Single Molecule Snapshots of Riboswitch Conformational Change and RNA Switch Based Biosensing on a Nanopore Maglet Device

Abstract

Riboswitches are a class of biosensory-regulatory segments of messenger-RNAs. Their binding with specific cellular ligands e.g. metabolic intermediates, can induce a conformational change in riboswitch's tertiary structure, ultimately programming the production of the proteins encoded by the mRNA. Precision tools to explore ligand-programmed riboswitch folding/unfolding mechanism are important in both developing riboswitch-targeted antibiotic intervention and RNA switch-based biosensors. Our nanopore weak-interaction spectroscopy can snapshot a single RNA riboswitch's folding/unfolding pathway at single base-pair resolution.
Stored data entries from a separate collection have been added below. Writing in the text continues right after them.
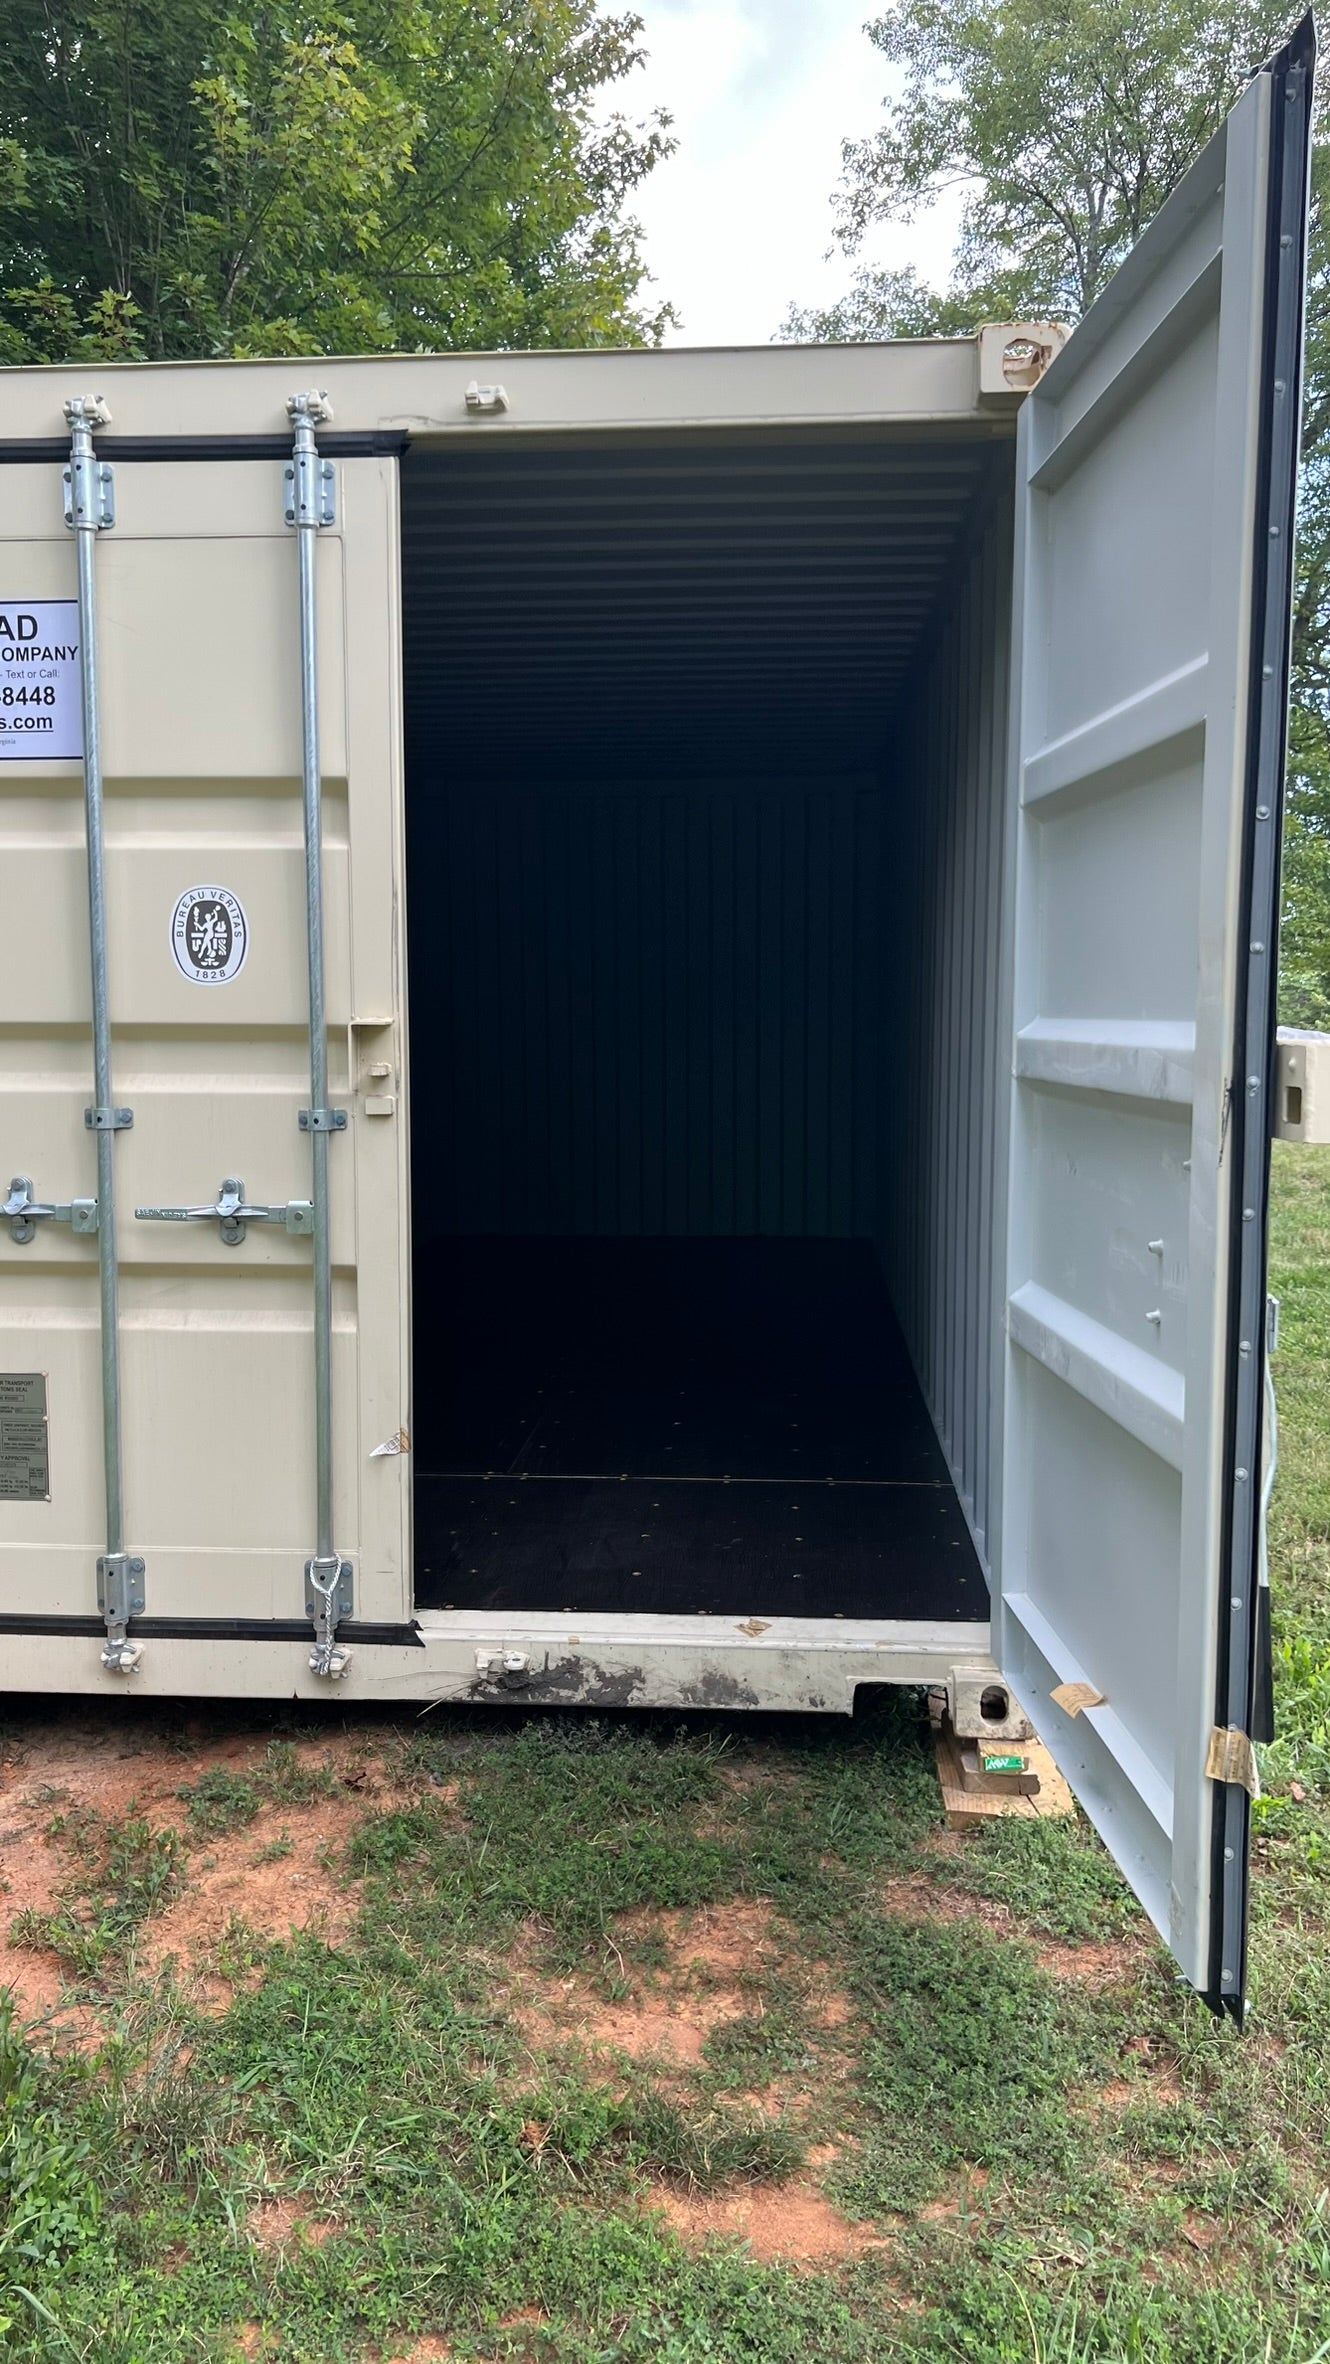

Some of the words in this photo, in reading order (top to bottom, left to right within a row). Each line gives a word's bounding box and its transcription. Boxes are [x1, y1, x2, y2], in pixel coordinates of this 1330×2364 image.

[5, 670, 25, 679] Text
[27, 671, 36, 679] or
[39, 669, 60, 679] Call:
[0, 686, 56, 706] 8448
[176, 891, 205, 938] BUREAU
[210, 891, 242, 938] VERITAS
[195, 969, 226, 979] 1828
Different from thermodynamic approaches and force microscopies (e.g. AFM and optic tweeze), the unique feature of nanopore is unfolding along the backbone of RNA-Vectorial Unfolding. This tool enables us to discriminate RNA unfolding pathway in both 3’>5’ and 5’>3’ directions, dissect the non-canonical triple-strand conformations and interactions that control the RNA stability, and many interconnected folding intermediates. Based on these findings, we further develop a nanopore maglet automatic machine that can “lock” a single riboswitch (preQ1) molecule in the nanopore. The locked single RNA can be electrically driven to repeatedly move back and forth to transform among different conformations: partial folding→ligand binding →fully folding→Unfolding. We can probe the folding change of riboswitch upon ligand (preQ1) binding, explore riboswitch's induced fit and/or conformational selection folding mechanism, and study how designed drug compounds regulate the riboswitch folding pathway. Finally, this nanopore molecular machine can be utilized as RNA switch-based biosensor for detection a variety of disease-derived ligands and proteins.